然而除了上述的特征外,到目前为止报告的儿童中可确定3个临床亚组[6]:①新生儿期/早期婴儿发病的严重表型,即乳酸性酸中毒、脑病、严重的肌张力低下和包括严重胼胝体发育不全在内的大脑异常[4]。到目前为止报道的6例患儿中2例预后严重不良[7-8],另外有研究报道胼胝体严重累及似乎是预后不良的一个指标[6];②中间表型,在出生的前6个月内发病,表现为与第1种表型类似的临床特征,但临床和神经影像学特征可自发恢复,目前仅有1 例报道[9];③相对温和表型,出生6 个月后发病,表现为乳酸升高和精神运动发育迟缓。值得注意的是,这些患儿神经影像学本身就不太严重,且疾病呈现自发的临床和生化改善及MRI异常的消退[4]。除了以上报道的临床表型外,最近有报道将1例儿童丘脑缺失也描述为EARS2基因变异的放射学特征[10]。

经过文献检索,目前全球共报道27 例(国内1例[11])LTBL,均在出生后1 年内发病,临床特征包括血乳酸升高及包括胼胝体发育不良及脑白质、丘脑、中脑、脑干和小脑白质对称性改变在内的颅脑影像学异常。27例中新生儿期发病6例,死亡4例,1例于出生21天死亡。新生儿期死亡病例为1例男性患儿,出生后不久即出现低血糖(1.6 mmol/L),数小时稳定期后出现严重的乳酸性酸中毒(pH 值6.97,乳酸25.2 mmol/L),予碳酸氢钠治疗后酸中毒纠正。因怀疑遗传性代谢缺陷所致反复低血糖发作,予葡萄糖泵注维持血糖稳定,10 mg·kg-1·min-1,但下调糖速后血糖再次下降。头颅超声显示胼胝体发育不全;血、尿和脑脊液高乳酸、血磷酸肌酸和丙氨酸及脯氨酸升高均指向线粒体疾病的可能。因继发肉碱缺乏予经验性的维生素K1和肉碱补充治疗。此后患儿在持续泵入葡萄糖和碳酸氢钠后乳酸水平有所改善,但从未恢复正常;之后患儿病情恶化,乳酸再次升高到252 mmol/L,最后在21天时死于心肺衰竭。基因检测发现其EARS 2基因c.320 G>A 和c.328 G>A 复合杂合变异。
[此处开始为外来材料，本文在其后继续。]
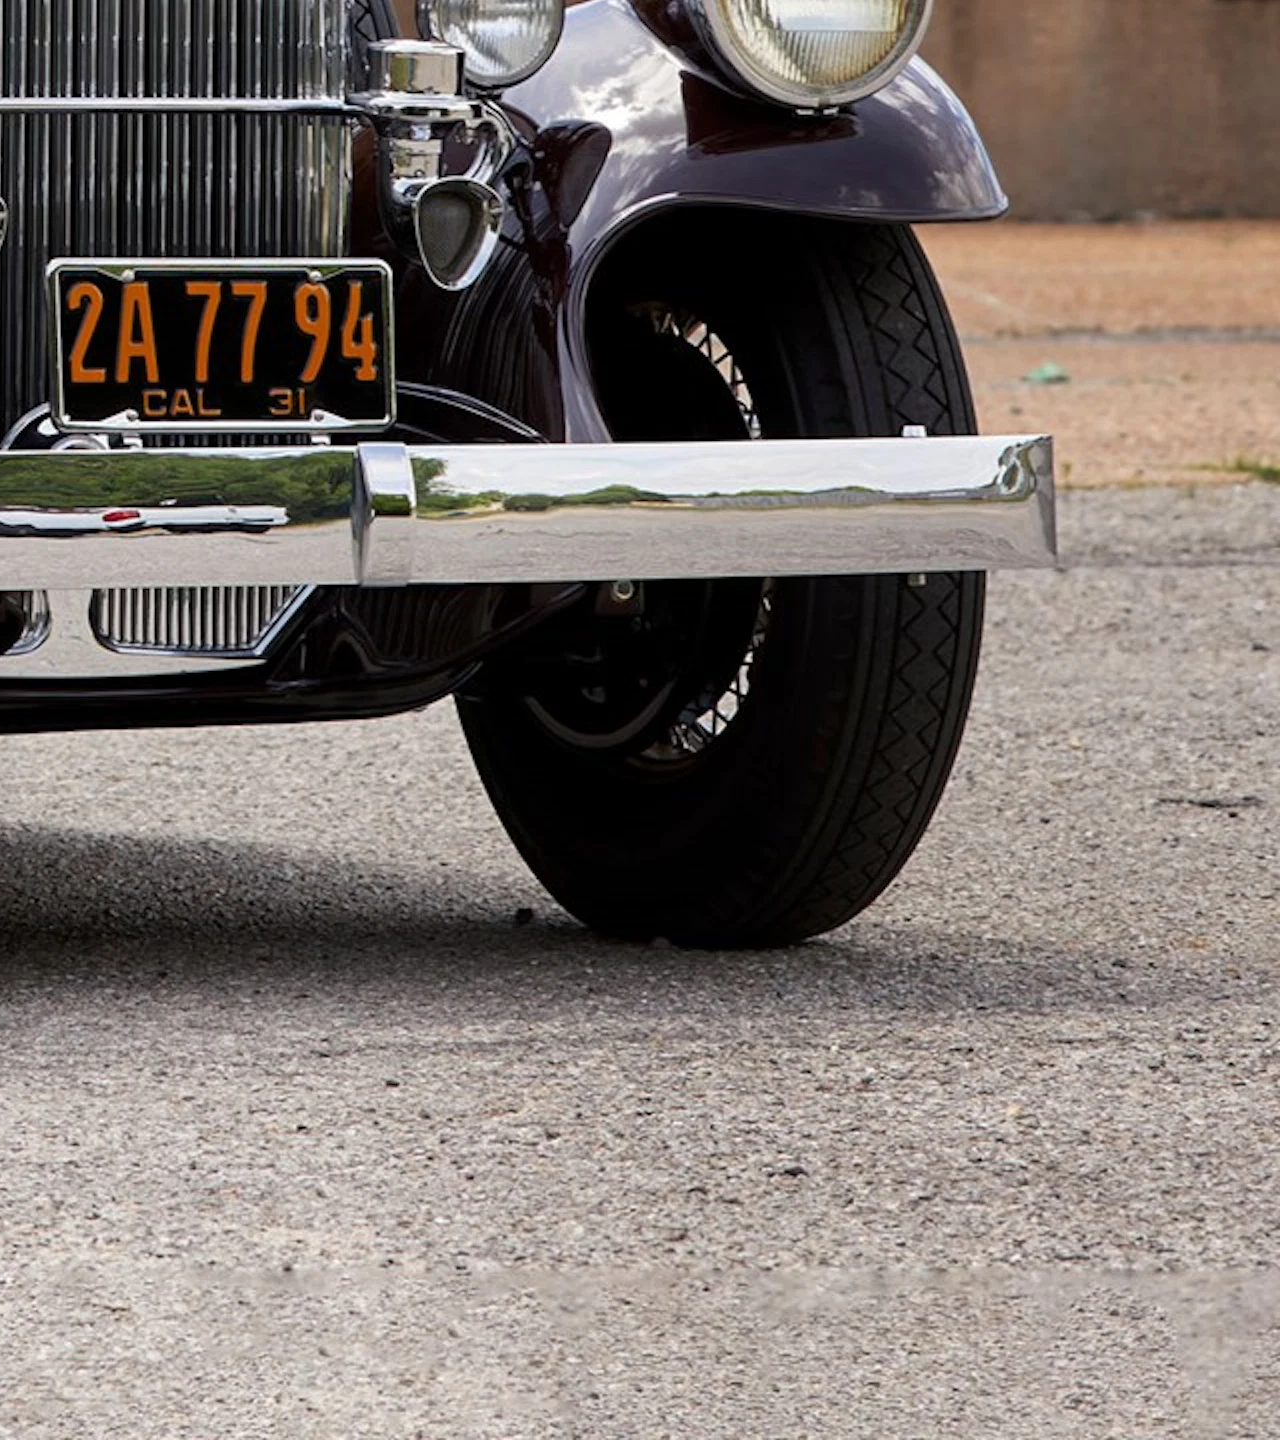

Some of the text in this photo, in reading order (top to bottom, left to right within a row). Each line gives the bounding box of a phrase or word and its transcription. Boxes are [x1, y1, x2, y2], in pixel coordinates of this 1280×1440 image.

[66, 280, 378, 384] 2A 77 94
[142, 388, 307, 417] CAL 31
本例患儿出生后不久出现低血糖及顽固性代谢性酸中毒及高乳酸血症,胎儿头颅MRI提示胼胝体缺如,结合基因检测结果,新生儿LTBL诊断明确。

造成LTBL 的EARS 2基因变异的类型较多,有碱基缺失、置换及插入。迄今所报道导致LTBL 的EARS2变异大多为复合杂合变异,仅有5例为纯合变异,但尚未明确基因变异位点与疾病临床的严重程度两者关系,然而纯合变异的临床表型更为严重。研究报道,EARS2基因纯合变异的病情通常进展快速并死亡,可能和线粒体呼吸链复合体Ⅰ及Ⅳ的严重缺乏关联[7]。本例患儿为EARS2基因c.1294C>T和c.971G>T复合杂合变异,支持文献报道。

综上,报道1例首次发现的EARS2基因c.1294C>T和c.971 G>T 复合杂合变异致LTBL 患儿,扩充了LTBL 的基因变异谱。但如需进一步明确EARS 2基因c.971 G>T 变异位点的致病性,需要进行大样本的回归分析并行转基因动物的模型验证。